Jean-Yves Le Naour, historien, est un spécialiste de la Première Guerre mondiale à laquelle il a consacré plusieurs ouvrages.
Il nous revient avec un livre consacré à un projet méconnu de l’empereur d’Allemagne Guillaume II : reproduire « l’alliance impie » de 1536 entre le roi chrétien François Ier et le sultan Soliman le Magnifique. En 1898, le Kaiser Guillaume II se rend à Constantinople pour y rencontrer le sultan Abdulhamid II, isolé diplomatiquement depuis qu’il a laissé se perpétrer des massacres de centaines de milliers d’Arméniens de 1894 à 1897. Suivi par de nombreux correspondants de presse, Guillaume II visite ensuite Jérusalem, fait une excursion à Bethléem, profite de son séjour en Palestine pour recevoir le sioniste Theodor Herzl, qui lui fait part de son projet d’Etat juif, auquel il accorde une oreille bienveillante. Puis il met le cap sur Beyrouth, Baalbek et Damas. C’est à Damas, le 8 novembre 1898, au cours d’un banquet offert en son honneur, que Guillaume II prononce un discours dans lequel il affirme que « les 300 millions de musulmans dispersés sur la Terre » peuvent être assurés que « l’empereur allemand sera toujours leur ami et protecteur« . La manœuvre de l’Allemagne vise à se rapprocher de l’Empire ottoman et se poser en défenseur des musulmans dans le but d’actionner le levier du panislamisme en cas de conflit avec l’Angleterre. Un appel au djihad lancé par le sultan ottoman, calife de l’Islam et commandeur des croyants, pourrait provoquer de sérieux troubles dans les colonies britanniques, en Inde, mais aussi en Egypte, et pourrait faire perdre au Royaume-Uni la possession du Canal de Suez. Tel est le plan des stratèges allemands.
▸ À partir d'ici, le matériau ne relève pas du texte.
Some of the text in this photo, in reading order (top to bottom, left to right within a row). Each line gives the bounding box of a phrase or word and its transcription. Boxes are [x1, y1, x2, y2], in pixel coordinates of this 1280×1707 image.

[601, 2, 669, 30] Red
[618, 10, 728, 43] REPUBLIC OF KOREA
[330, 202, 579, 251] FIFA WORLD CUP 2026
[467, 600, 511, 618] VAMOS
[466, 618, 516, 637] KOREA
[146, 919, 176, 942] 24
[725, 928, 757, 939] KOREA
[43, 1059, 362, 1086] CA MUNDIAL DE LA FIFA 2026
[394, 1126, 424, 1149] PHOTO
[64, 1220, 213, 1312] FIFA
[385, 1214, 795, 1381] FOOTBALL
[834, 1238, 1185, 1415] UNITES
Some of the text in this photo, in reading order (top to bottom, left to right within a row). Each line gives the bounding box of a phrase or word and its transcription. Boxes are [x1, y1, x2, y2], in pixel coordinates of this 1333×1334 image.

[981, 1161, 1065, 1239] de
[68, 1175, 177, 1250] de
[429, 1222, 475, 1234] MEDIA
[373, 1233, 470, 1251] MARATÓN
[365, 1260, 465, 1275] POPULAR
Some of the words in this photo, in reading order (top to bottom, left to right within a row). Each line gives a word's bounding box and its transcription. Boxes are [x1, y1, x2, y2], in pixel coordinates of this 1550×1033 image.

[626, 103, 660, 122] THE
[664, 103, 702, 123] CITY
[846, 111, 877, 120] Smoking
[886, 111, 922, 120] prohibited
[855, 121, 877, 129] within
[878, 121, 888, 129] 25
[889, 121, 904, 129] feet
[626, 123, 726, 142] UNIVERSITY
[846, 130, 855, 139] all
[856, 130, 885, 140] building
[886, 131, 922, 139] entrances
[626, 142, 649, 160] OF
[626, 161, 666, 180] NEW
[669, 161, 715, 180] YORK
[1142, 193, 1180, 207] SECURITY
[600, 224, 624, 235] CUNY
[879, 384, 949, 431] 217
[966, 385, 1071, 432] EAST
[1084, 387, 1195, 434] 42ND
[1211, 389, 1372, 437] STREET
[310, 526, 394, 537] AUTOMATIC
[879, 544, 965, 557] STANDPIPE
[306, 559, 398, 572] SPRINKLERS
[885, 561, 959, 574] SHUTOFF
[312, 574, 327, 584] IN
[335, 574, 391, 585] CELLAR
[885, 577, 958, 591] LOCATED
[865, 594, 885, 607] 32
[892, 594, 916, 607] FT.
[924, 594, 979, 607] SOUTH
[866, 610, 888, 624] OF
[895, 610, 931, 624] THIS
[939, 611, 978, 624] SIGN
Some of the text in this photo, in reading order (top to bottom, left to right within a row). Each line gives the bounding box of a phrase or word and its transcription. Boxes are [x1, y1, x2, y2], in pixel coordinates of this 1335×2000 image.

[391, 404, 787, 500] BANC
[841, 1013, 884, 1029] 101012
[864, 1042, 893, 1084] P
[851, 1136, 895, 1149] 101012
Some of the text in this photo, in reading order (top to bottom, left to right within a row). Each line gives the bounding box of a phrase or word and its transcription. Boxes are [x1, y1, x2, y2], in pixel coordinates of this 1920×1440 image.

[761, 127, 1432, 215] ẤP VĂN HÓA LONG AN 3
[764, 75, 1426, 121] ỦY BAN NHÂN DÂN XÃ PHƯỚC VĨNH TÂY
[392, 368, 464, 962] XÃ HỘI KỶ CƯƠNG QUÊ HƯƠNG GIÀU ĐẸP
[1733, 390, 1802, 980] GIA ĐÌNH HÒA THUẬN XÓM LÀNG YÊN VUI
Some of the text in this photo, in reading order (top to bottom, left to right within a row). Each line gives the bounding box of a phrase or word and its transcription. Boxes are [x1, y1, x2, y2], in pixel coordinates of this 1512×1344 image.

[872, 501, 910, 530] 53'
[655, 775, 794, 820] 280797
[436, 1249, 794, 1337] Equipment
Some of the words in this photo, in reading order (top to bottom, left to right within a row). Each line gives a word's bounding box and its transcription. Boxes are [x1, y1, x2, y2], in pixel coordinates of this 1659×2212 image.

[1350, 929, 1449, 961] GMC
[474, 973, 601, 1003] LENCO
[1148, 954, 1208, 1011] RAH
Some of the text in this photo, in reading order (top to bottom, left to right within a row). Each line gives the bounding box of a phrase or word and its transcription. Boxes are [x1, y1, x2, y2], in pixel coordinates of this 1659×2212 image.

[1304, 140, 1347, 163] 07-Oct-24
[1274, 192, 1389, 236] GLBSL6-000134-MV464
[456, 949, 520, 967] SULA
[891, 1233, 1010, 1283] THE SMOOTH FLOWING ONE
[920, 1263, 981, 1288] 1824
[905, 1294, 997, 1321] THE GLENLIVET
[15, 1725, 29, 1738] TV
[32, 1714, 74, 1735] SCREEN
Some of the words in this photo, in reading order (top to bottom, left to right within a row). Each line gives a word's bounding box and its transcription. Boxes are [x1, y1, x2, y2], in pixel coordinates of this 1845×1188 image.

En 1904, après la conclusion de l’Entente cordiale entre Paris et Londres, l’Allemagne étend aux colonies nord-africaines de la France son projet de soulèvement panislamique. Et après la signature de la Triple-Entente en 1907, qui fait de la Russie l’alliée du Royaume-Uni et de la France, l’Allemagne envisage comment vingt millions de musulmans dans le Caucase et en Asie centrale pourraient paralyser la Russie en cas d’appel au djihad.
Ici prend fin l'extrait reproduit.